»»

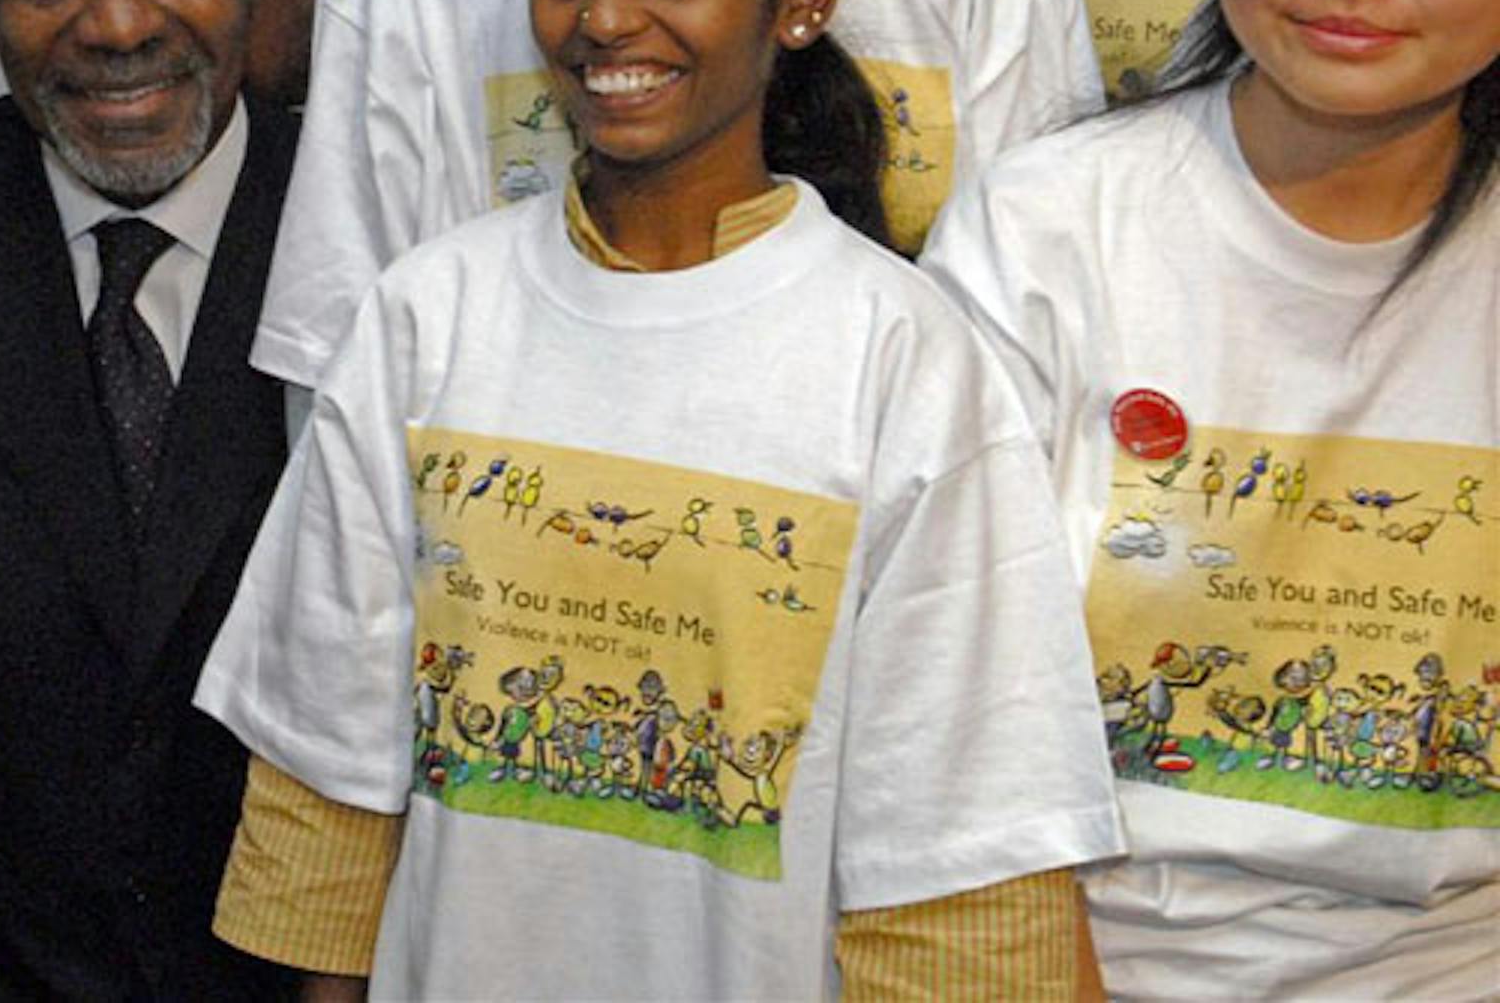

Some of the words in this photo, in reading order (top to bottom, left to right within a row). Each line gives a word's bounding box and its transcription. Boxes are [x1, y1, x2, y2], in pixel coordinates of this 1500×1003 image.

[1094, 16, 1135, 41] Safe
[444, 570, 485, 601] Safe
[497, 579, 549, 613] You
[559, 597, 607, 623] and
[615, 600, 667, 635] Safe
[676, 614, 716, 646] Me
[1206, 573, 1258, 602] Safe
[1266, 576, 1316, 604] You
[1325, 584, 1378, 610] and
[1388, 586, 1447, 617] Safe
[1457, 594, 1497, 624] Me
[476, 615, 549, 644] Violence
[554, 632, 568, 646] is
[575, 632, 620, 655] NOT
[1252, 616, 1318, 634] Violence
[1346, 621, 1396, 641] NOT
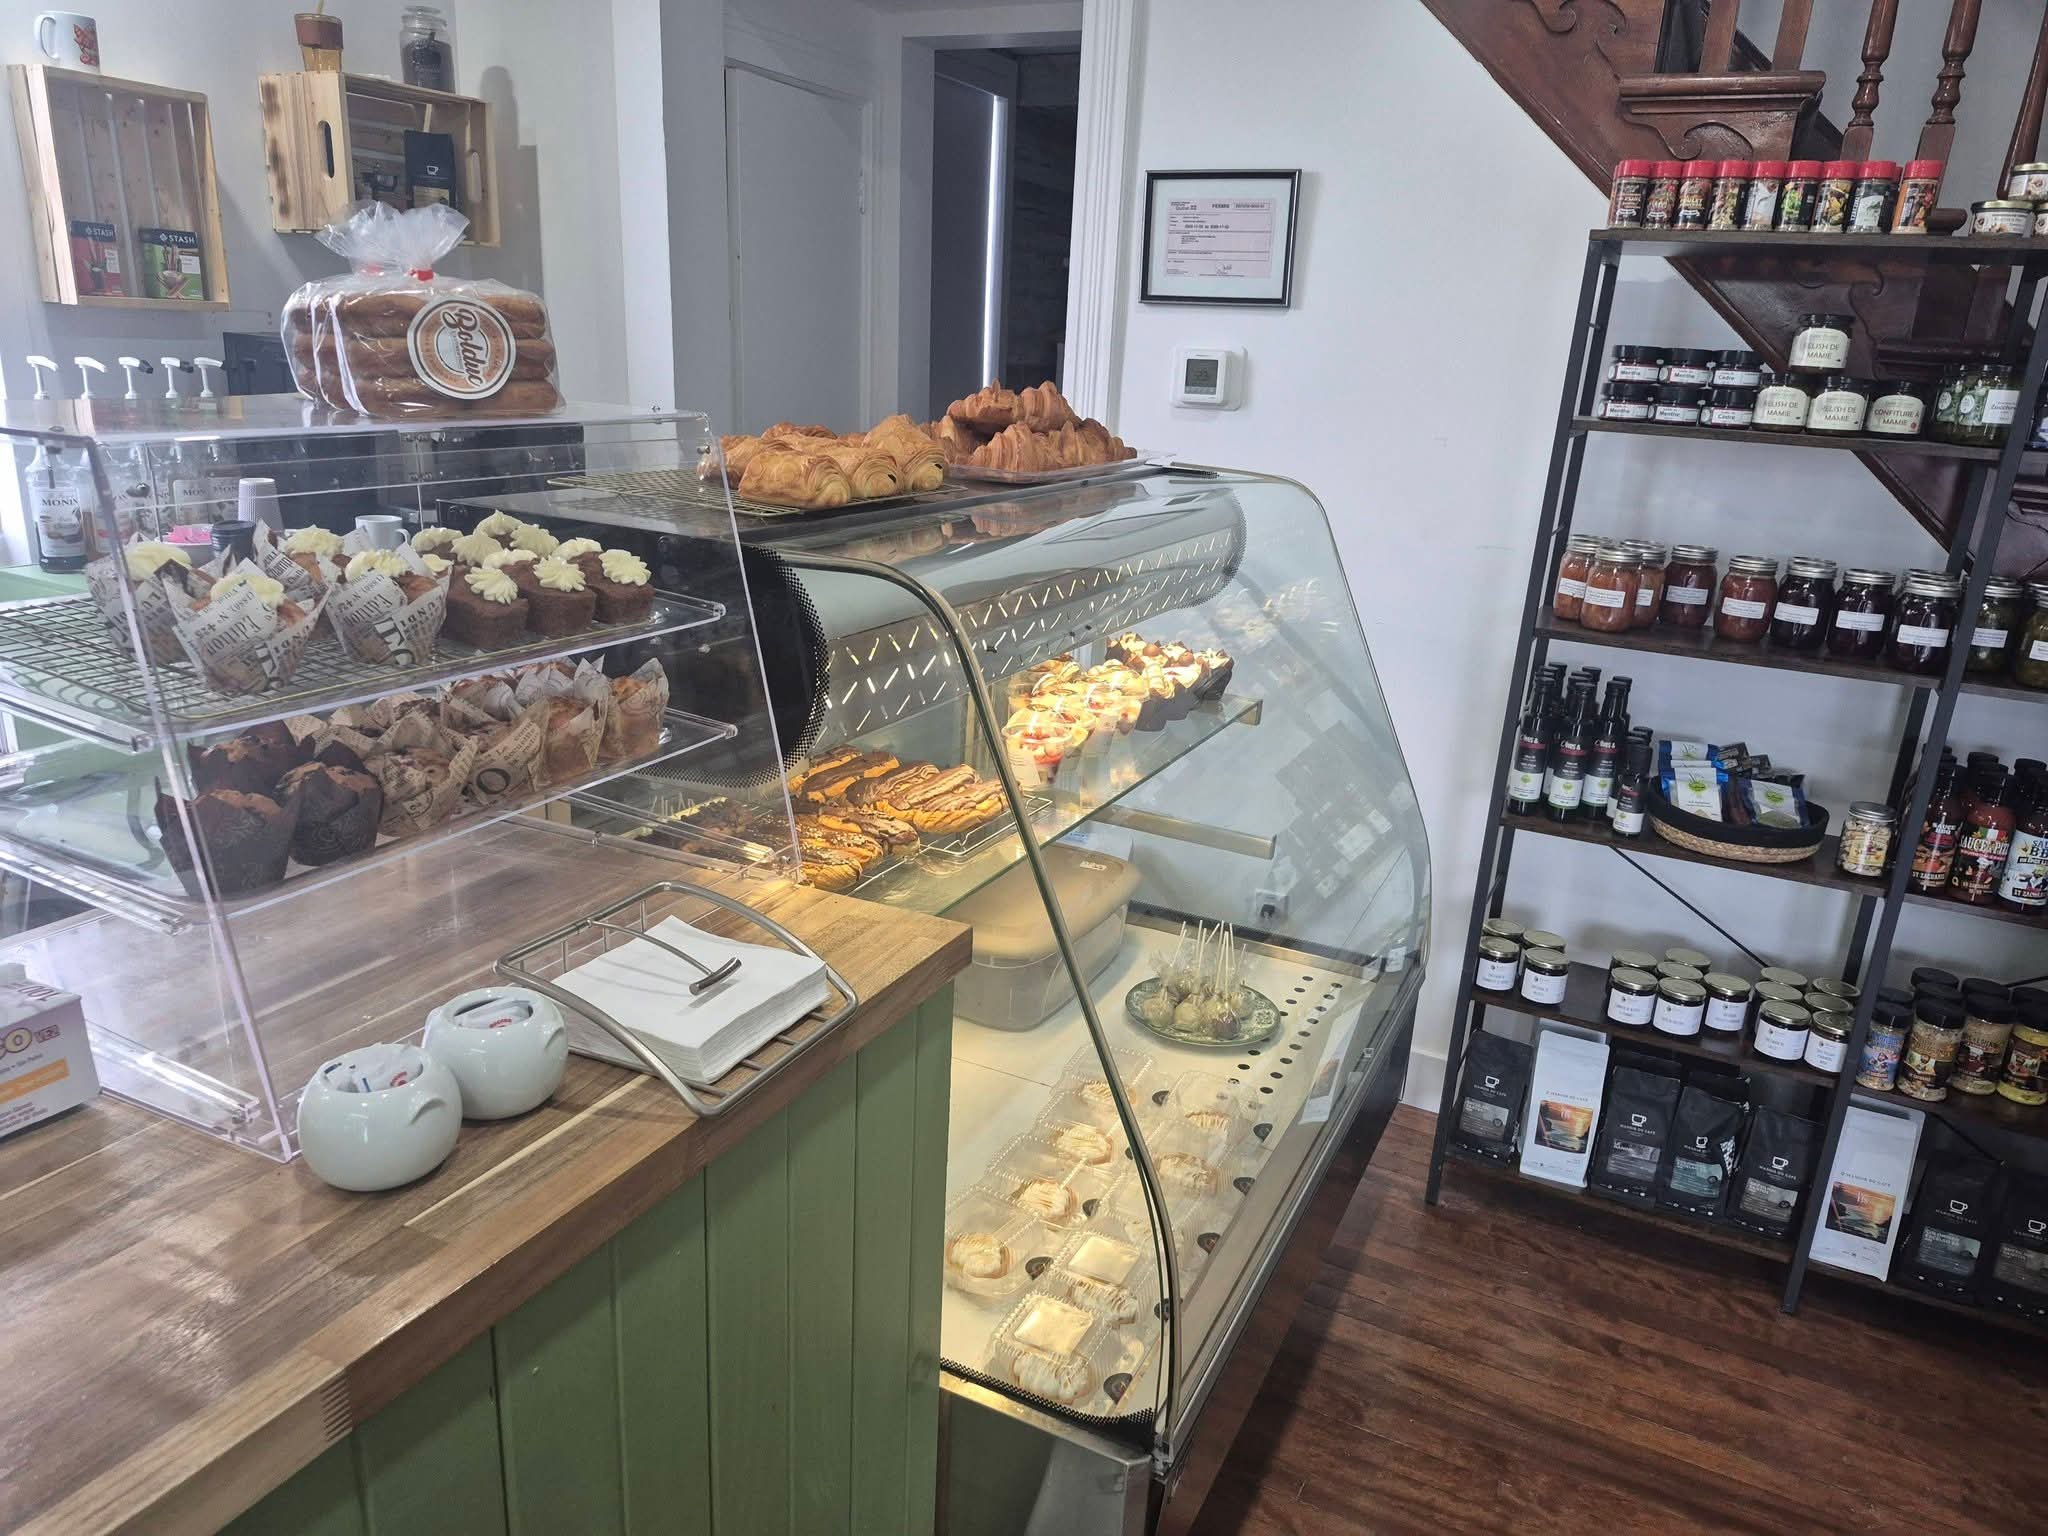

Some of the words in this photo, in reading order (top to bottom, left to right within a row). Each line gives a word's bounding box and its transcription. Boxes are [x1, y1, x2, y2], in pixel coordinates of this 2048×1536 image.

[93, 228, 114, 237] STASH
[168, 234, 195, 244] STASH
[442, 308, 486, 387] Bolduc
[1803, 342, 1829, 351] ELISH
[1829, 343, 1840, 351] DE
[1807, 352, 1833, 360] MAMIE
[1788, 401, 1799, 409] DE
[1847, 406, 1857, 414] DE
[1875, 408, 1914, 418] CONFITURE
[183, 489, 206, 497] MON
[41, 497, 79, 507] MONIN
[206, 614, 262, 657] Edition
[1960, 835, 1988, 852] SAUCE

««

Every record must be duplicated exactly, except for the pictures, which are left out.

Some of the words in this photo, in reading order (top to bottom, left to right within a row). Each line gives a word's bounding box and its transcription. Boxes are [x1, y1, x2, y2], in pixel coordinates of this 1500×1003 image.

[1094, 16, 1135, 41] Safe
[444, 570, 485, 601] Safe
[497, 579, 549, 613] You
[559, 597, 607, 623] and
[615, 600, 667, 635] Safe
[676, 614, 716, 646] Me
[1206, 573, 1258, 602] Safe
[1266, 576, 1316, 604] You
[1325, 584, 1378, 610] and
[1388, 586, 1447, 617] Safe
[1457, 594, 1497, 624] Me
[476, 615, 549, 644] Violence
[554, 632, 568, 646] is
[575, 632, 620, 655] NOT
[1252, 616, 1318, 634] Violence
[1346, 621, 1396, 641] NOT

Some of the words in this photo, in reading order (top to bottom, left to right within a row). Each line gives a word's bounding box and its transcription. Boxes are [x1, y1, x2, y2], in pixel coordinates of this 2048×1536 image.

[93, 228, 114, 237] STASH
[168, 234, 195, 244] STASH
[442, 308, 486, 387] Bolduc
[1803, 342, 1829, 351] ELISH
[1829, 343, 1840, 351] DE
[1807, 352, 1833, 360] MAMIE
[1788, 401, 1799, 409] DE
[1847, 406, 1857, 414] DE
[1875, 408, 1914, 418] CONFITURE
[183, 489, 206, 497] MON
[41, 497, 79, 507] MONIN
[206, 614, 262, 657] Edition
[1960, 835, 1988, 852] SAUCE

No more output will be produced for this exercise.